What to produce -
Retype exactly the lines from the one that contains "this 2000×1333 image." through the final line of the material below, and add nothing else.

Data for processing -
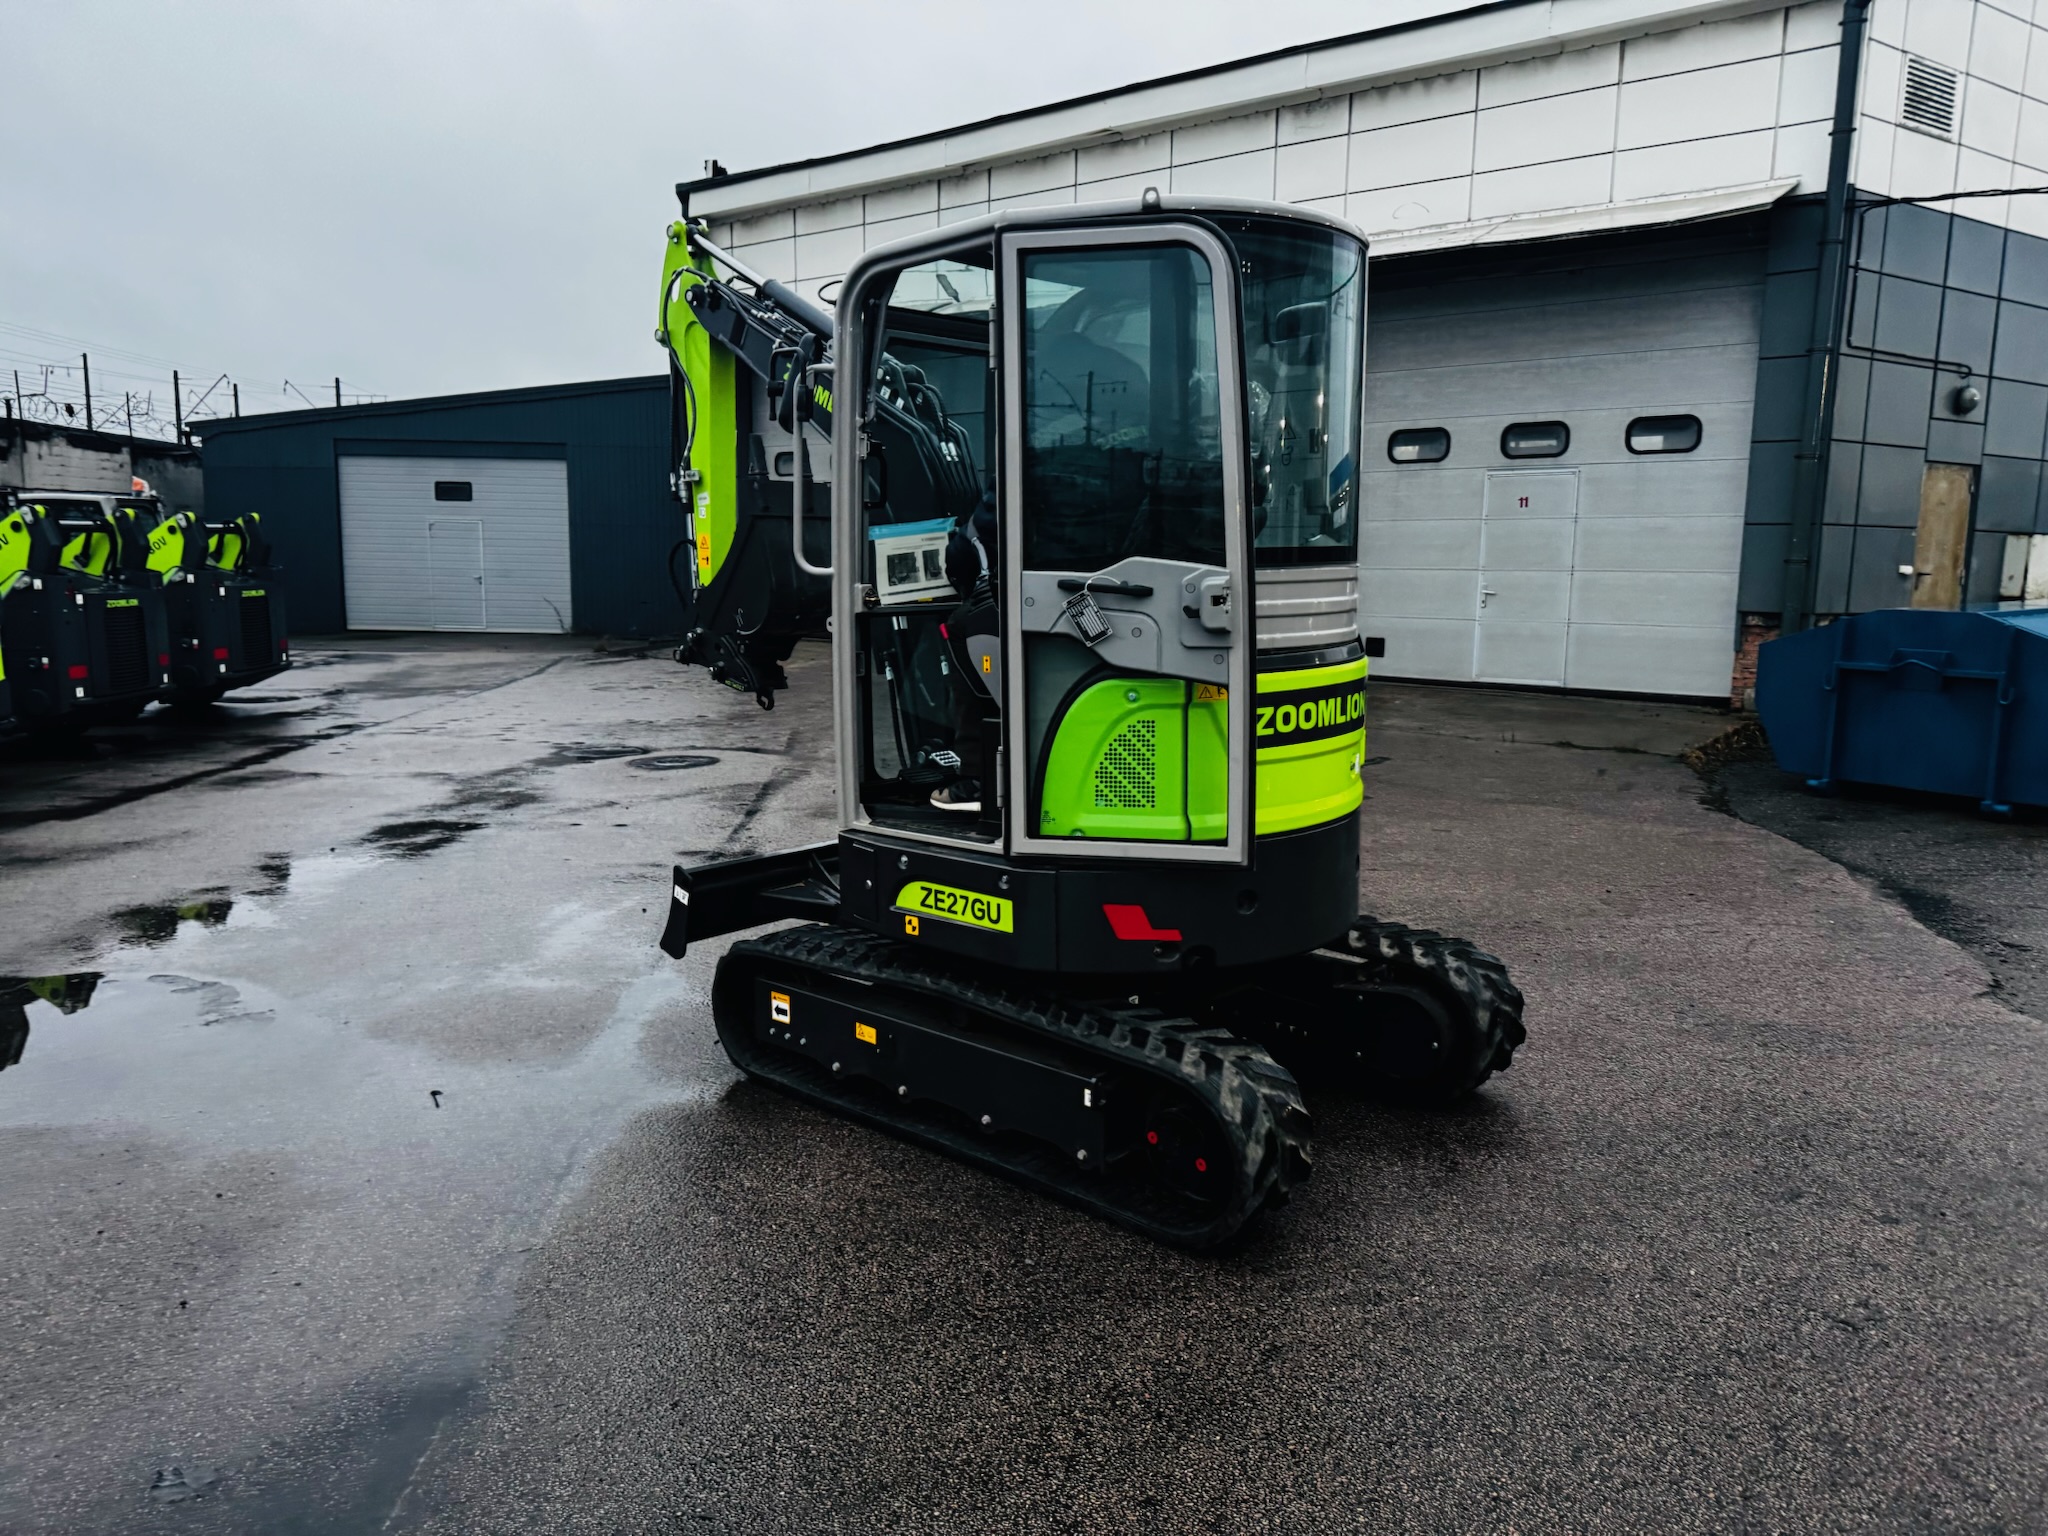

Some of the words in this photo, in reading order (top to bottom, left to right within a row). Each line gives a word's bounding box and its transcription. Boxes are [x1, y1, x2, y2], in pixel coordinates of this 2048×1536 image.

[1518, 496, 1529, 508] 11
[1256, 690, 1366, 736] ZOOMLION
[920, 886, 1001, 925] ZE27GU
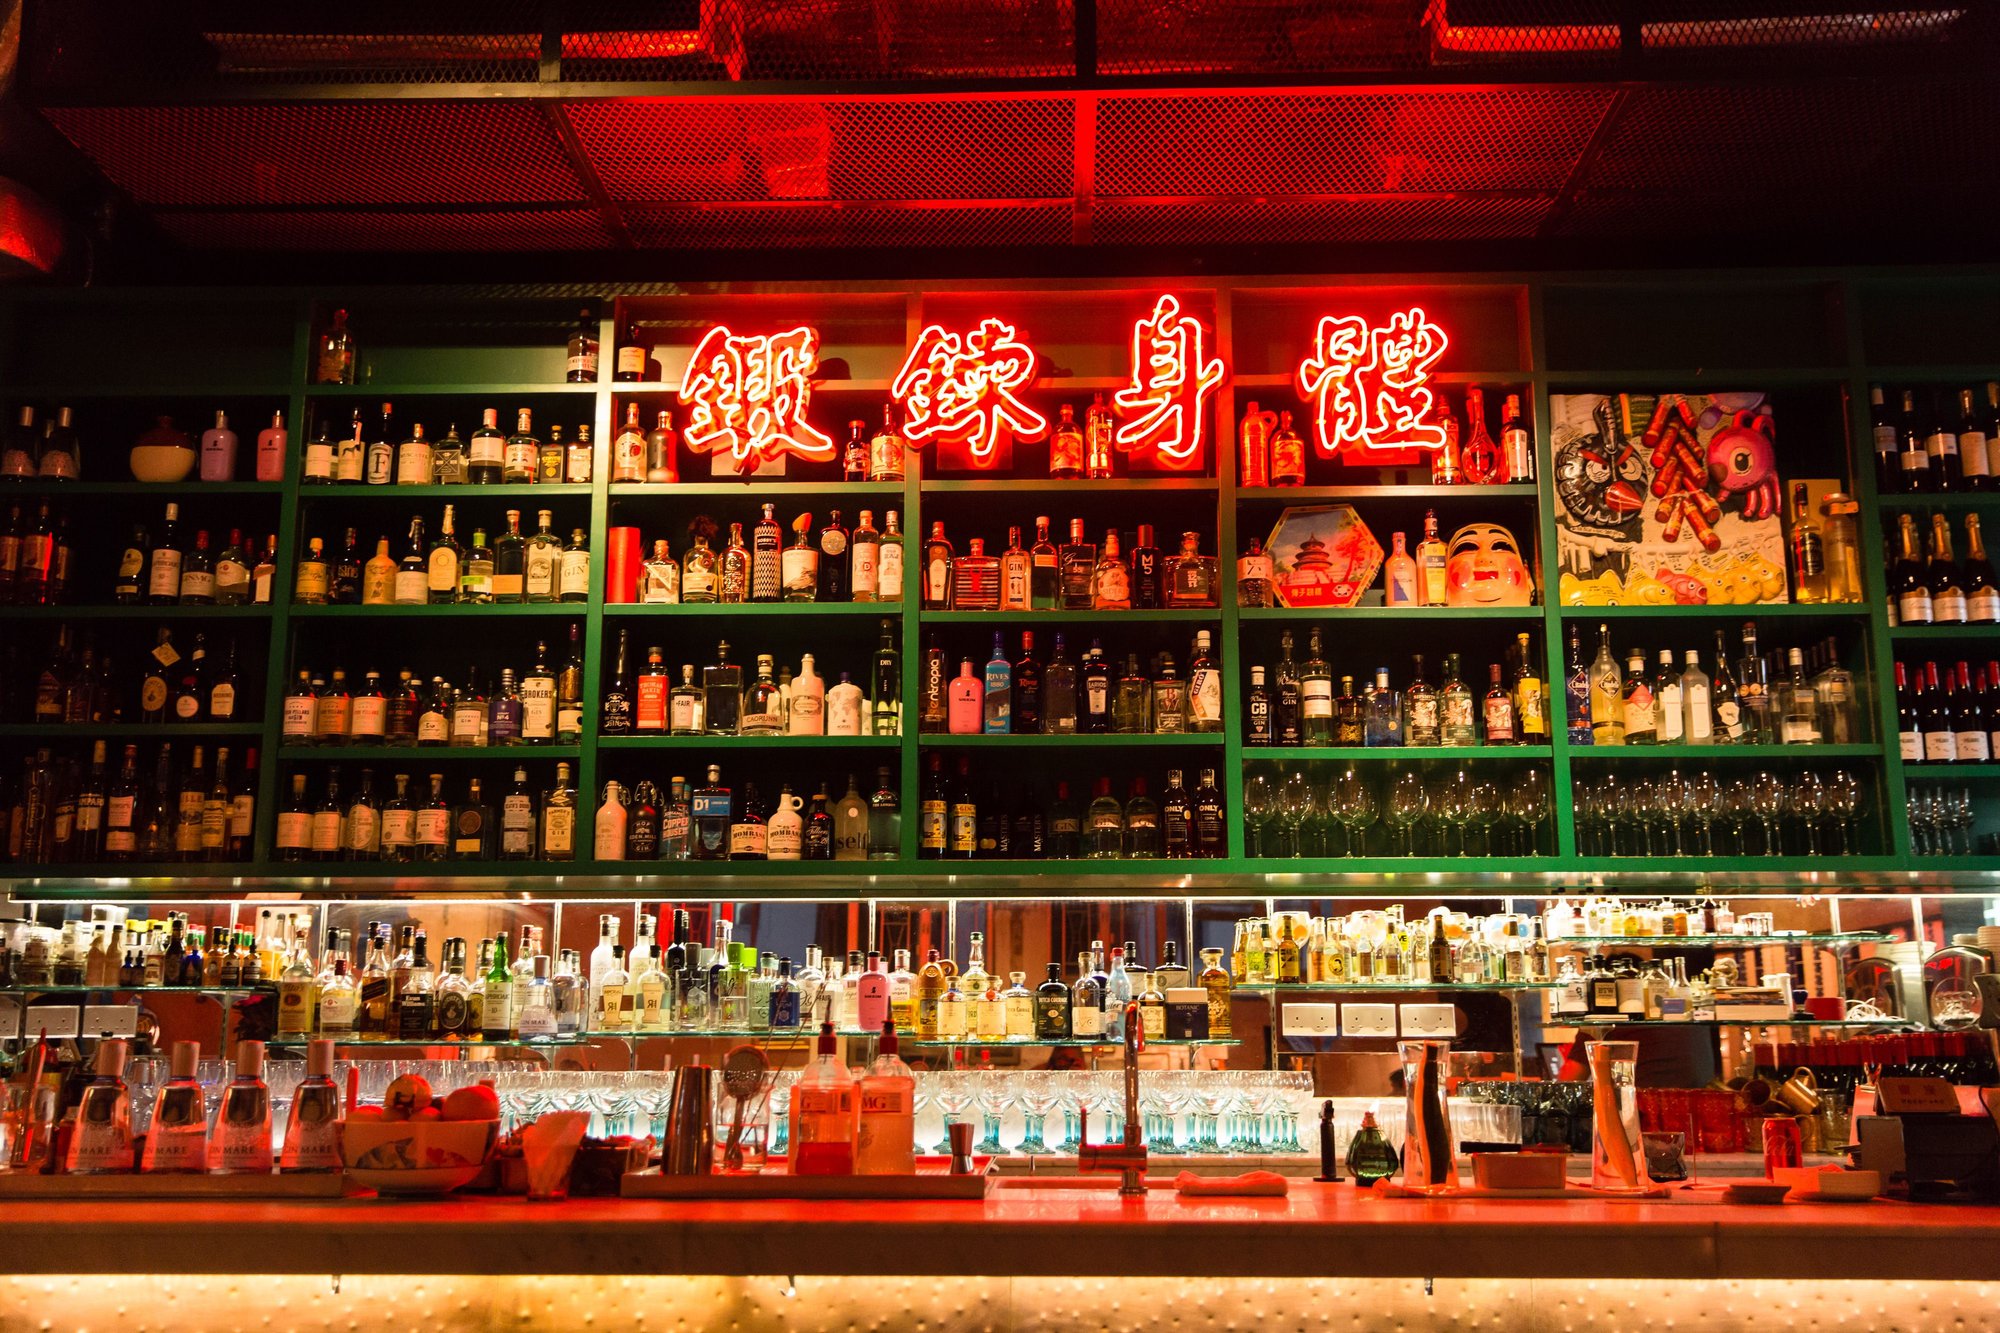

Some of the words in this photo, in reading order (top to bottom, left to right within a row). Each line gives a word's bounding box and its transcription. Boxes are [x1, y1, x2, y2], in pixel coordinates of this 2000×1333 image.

[374, 452, 386, 473] F
[563, 563, 585, 576] GIN
[1008, 563, 1023, 571] GIN
[986, 672, 1010, 681] RIVES
[1250, 702, 1268, 715] GB
[746, 715, 779, 723] CAORUNN
[693, 798, 710, 811] D1
[1164, 805, 1185, 813] ONLY
[1198, 804, 1220, 813] ONLY
[1055, 822, 1075, 831] GIN
[836, 831, 867, 850] self
[862, 1096, 887, 1110] MG
[224, 1146, 254, 1154] MARE
[301, 1145, 332, 1154] MARE

Response -
Some of the words in this photo, in reading order (top to bottom, left to right within a row). Each line gives a word's bounding box and its transcription. Boxes are [x1, y1, x2, y2], in pixel coordinates of this 2000×1333 image.

[374, 452, 386, 473] F
[563, 563, 585, 576] GIN
[1008, 563, 1023, 571] GIN
[986, 672, 1010, 681] RIVES
[1250, 702, 1268, 715] GB
[746, 715, 779, 723] CAORUNN
[693, 798, 710, 811] D1
[1164, 805, 1185, 813] ONLY
[1198, 804, 1220, 813] ONLY
[1055, 822, 1075, 831] GIN
[836, 831, 867, 850] self
[862, 1096, 887, 1110] MG
[224, 1146, 254, 1154] MARE
[301, 1145, 332, 1154] MARE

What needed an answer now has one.